Tamworth’s emergency first responder team has received a significant injection of cash after food shoppers in the town gave up their loyalty rewards to support the life-saving service.
Customers at Tamworth Co-op supermarket donated the dividends earned on their purchases to raise a healthy £1,765 for Tame Community First Responders.
It is the largest amount to be handed out in 2018 as part of Tamworth Co-op’s Community Dividend Fund scheme which ploughs around £10,000 annually into good local causes.
The first responder group is run entirely by volunteers who depend on donations to keep their rapid response vehicle on the road. At times they provide the sole, initial 999 response for the Tamworth area when ambulance crews are busy in other parts of the region.
Some of the money will be spent on fitting a pull-out storage rack in the boot of the vehicle so that it is easier to lift heavy patient monitor equipment in and out. The rest will go on installing an enhanced rear camera system to protect the BMW estate car from vandalism.

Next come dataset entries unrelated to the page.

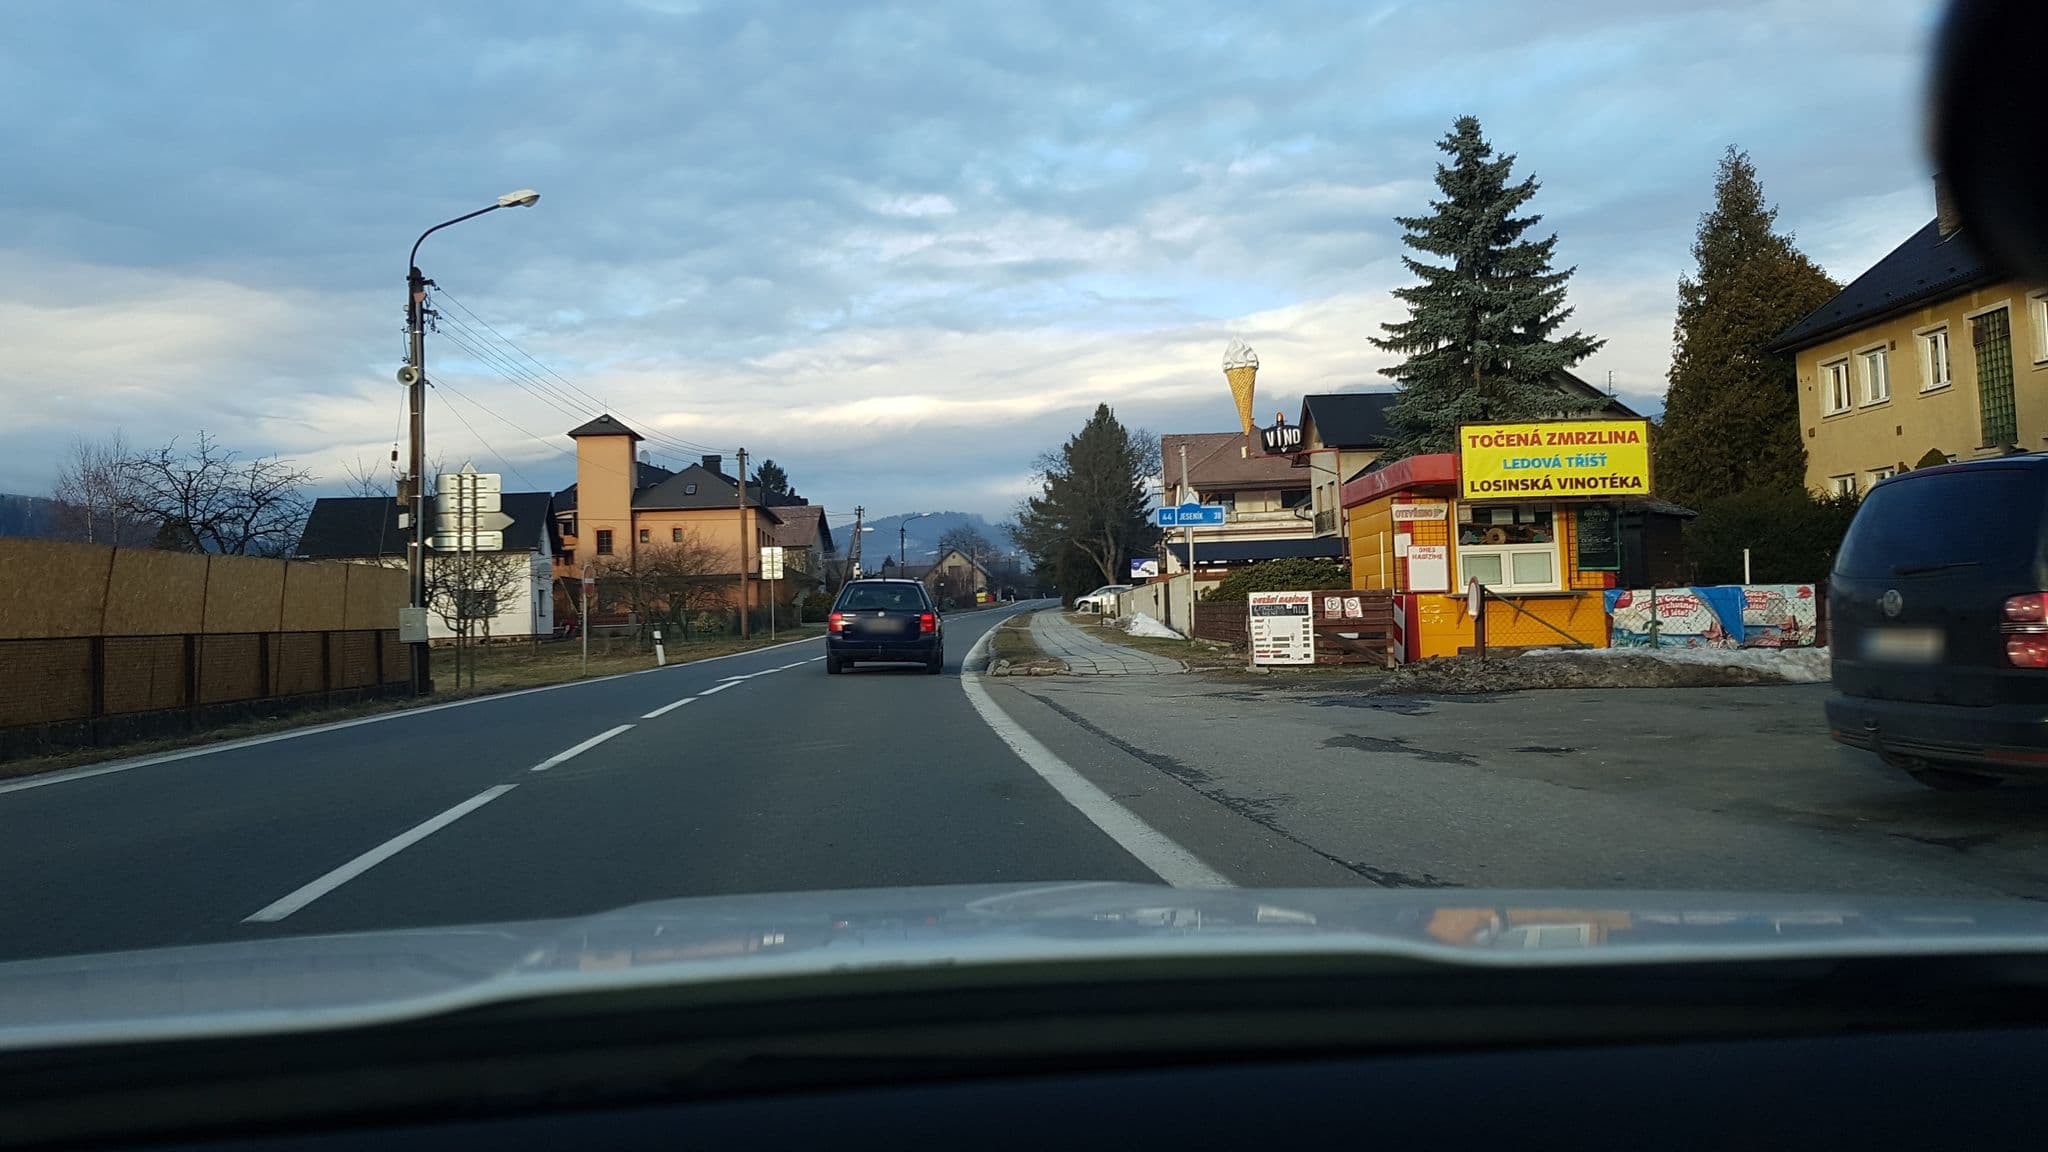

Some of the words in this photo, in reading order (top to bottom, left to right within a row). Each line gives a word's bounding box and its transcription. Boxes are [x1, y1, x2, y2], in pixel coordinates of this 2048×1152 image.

[1266, 427, 1301, 447] VÍNO
[1468, 429, 1542, 448] TOČENÁ
[1546, 430, 1640, 446] ZMRZLINA
[1503, 454, 1562, 470] LEDOVÁ
[1565, 453, 1608, 468] TŘÍŠŤ
[1470, 475, 1553, 493] LOSINSKÁ
[1557, 473, 1642, 490] VINOTÉKA
[1162, 512, 1173, 520] 44
[1180, 511, 1204, 521] JESENÍK
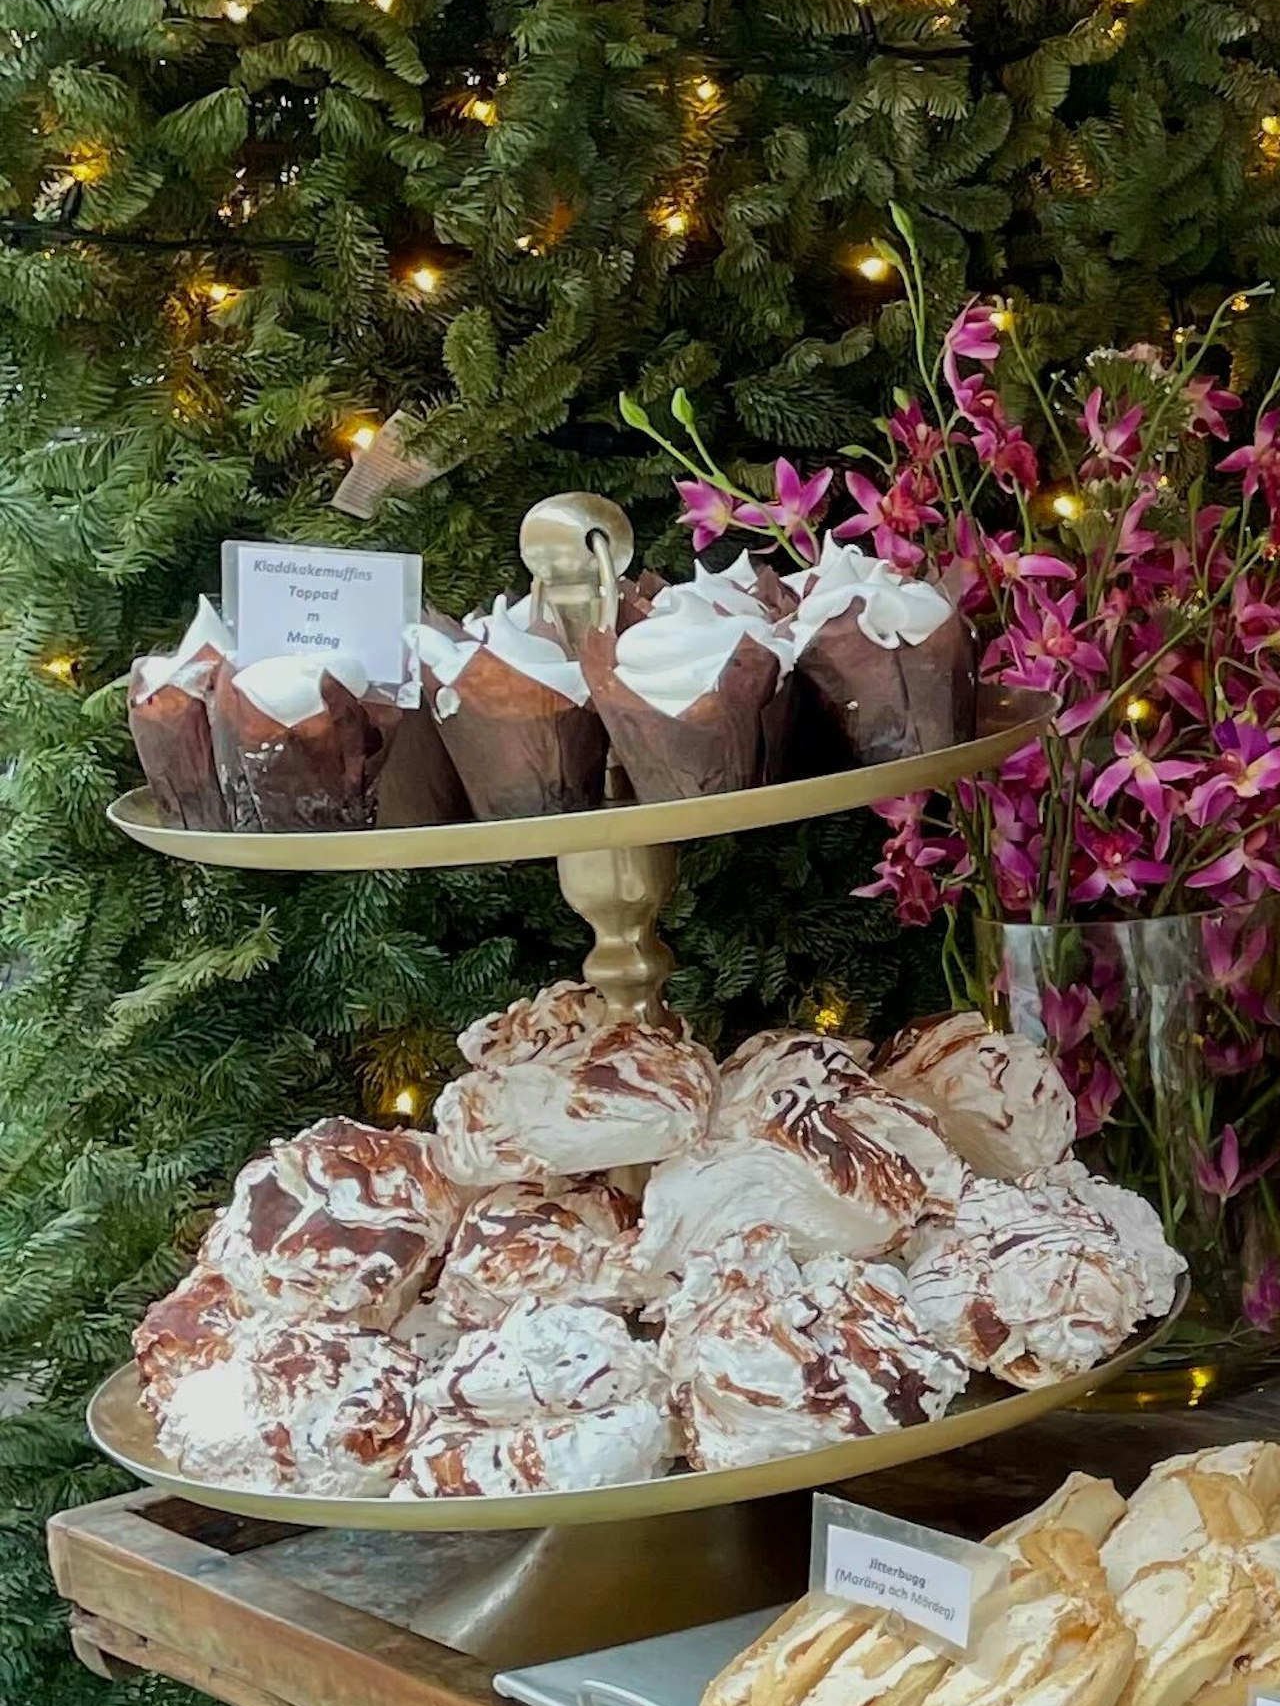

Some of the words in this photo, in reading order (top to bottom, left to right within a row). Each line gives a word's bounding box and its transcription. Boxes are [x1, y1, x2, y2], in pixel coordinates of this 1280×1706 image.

[253, 559, 373, 582] Kladdkakemuffins
[288, 585, 340, 602] Toppad
[306, 612, 320, 622] m
[286, 631, 341, 649] Maräng
[869, 1558, 926, 1589] Jitterbugg

Ken Hughes, chairman of Tame Community First Responders, said: “We are so grateful to the Co-op and the shoppers for this money. It really is a boost.
“We get a fuel allowance from the West Midlands Ambulance Service and oxygen, but otherwise we have to provide our own equipment and uniforms. We are also trying to build up our funds to eventually buy a new car and kit. So receiving support like this is vital for us.”

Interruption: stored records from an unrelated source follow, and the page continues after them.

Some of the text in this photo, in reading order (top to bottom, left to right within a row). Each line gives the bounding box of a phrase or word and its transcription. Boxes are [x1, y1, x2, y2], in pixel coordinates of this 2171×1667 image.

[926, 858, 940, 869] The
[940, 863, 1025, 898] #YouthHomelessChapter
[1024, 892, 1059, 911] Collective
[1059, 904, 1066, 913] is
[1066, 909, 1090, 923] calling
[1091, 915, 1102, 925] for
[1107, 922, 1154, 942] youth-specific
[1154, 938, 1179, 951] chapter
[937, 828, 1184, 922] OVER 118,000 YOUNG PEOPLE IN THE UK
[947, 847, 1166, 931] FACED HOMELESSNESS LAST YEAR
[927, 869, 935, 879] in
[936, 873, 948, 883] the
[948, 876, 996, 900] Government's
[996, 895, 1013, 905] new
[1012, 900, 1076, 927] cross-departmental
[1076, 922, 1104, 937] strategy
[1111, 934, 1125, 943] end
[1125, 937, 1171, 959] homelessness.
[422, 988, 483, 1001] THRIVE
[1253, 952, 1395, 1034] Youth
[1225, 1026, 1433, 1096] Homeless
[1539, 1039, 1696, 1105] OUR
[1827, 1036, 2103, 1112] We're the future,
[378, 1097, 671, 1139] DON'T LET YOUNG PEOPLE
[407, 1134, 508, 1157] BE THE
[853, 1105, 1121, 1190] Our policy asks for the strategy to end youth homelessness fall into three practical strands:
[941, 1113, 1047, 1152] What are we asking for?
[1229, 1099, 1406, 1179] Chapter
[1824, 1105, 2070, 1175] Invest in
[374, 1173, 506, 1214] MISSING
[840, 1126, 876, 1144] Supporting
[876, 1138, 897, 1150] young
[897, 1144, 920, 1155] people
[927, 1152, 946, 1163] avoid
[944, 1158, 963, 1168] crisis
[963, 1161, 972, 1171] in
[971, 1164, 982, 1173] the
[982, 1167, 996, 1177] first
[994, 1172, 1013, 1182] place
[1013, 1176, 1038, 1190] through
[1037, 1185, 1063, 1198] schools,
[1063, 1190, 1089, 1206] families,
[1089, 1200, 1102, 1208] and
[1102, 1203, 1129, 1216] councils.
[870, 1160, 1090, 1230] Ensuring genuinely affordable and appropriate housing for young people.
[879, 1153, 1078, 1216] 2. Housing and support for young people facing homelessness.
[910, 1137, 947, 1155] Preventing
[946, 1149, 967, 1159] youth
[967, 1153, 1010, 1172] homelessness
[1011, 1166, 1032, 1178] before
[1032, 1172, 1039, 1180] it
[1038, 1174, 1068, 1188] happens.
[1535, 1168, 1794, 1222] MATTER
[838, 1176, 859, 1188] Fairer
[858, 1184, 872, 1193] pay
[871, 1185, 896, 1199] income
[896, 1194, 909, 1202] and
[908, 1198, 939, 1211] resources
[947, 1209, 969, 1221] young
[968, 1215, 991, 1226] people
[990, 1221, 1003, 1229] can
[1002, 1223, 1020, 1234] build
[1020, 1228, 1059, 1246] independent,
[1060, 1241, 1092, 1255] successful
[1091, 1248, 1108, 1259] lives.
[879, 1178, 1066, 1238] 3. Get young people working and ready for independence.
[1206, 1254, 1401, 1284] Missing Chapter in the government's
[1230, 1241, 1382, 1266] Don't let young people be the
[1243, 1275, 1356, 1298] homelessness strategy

Julie Clark, manager of Tamworth Co-op supermarket, said: “This is such an essential service because it can save people’s lives. We have had a wonderful response from our shoppers this year and I’m so pleased to have been able to hand over such a large sum of money.”

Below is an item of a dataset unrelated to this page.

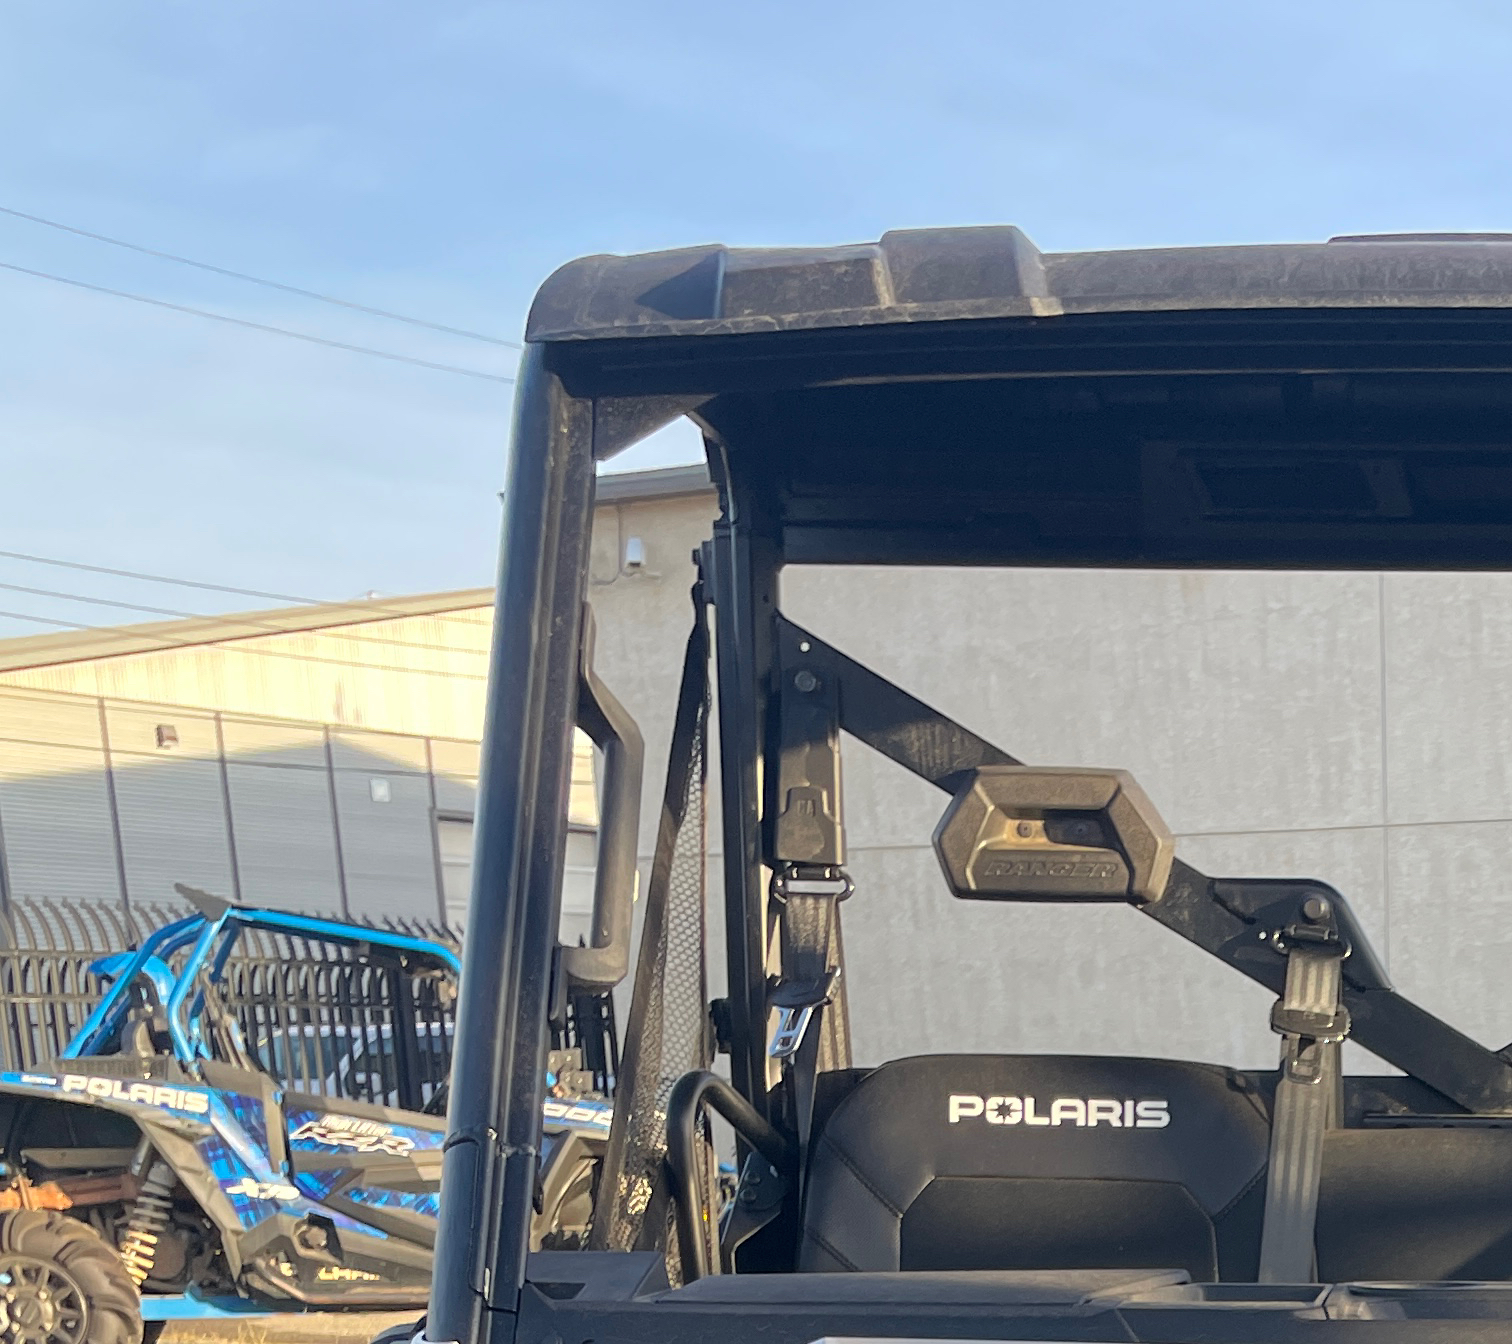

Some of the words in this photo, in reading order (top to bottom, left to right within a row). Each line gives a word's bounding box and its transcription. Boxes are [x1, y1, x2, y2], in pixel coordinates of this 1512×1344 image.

[984, 860, 1119, 877] RANGER
[62, 1074, 209, 1114] POLARIS
[949, 1095, 1171, 1128] POLARIS

Tame Community First Responders was set up by co-ordinator Keith Dawson and has been in operation since 2010. A total of 12 first responders provide immediate life-saving treatment while an ambulance is on the way. They answer thousands of calls a year, ranging from accidents to medical emergencies, such as people with breathing or chest problems, diabetes and epilepsy.
The volunteers include a police officer, a nurse and others in full-time work who dedicate their spare time to assisting patients before paramedics arrive on the scene.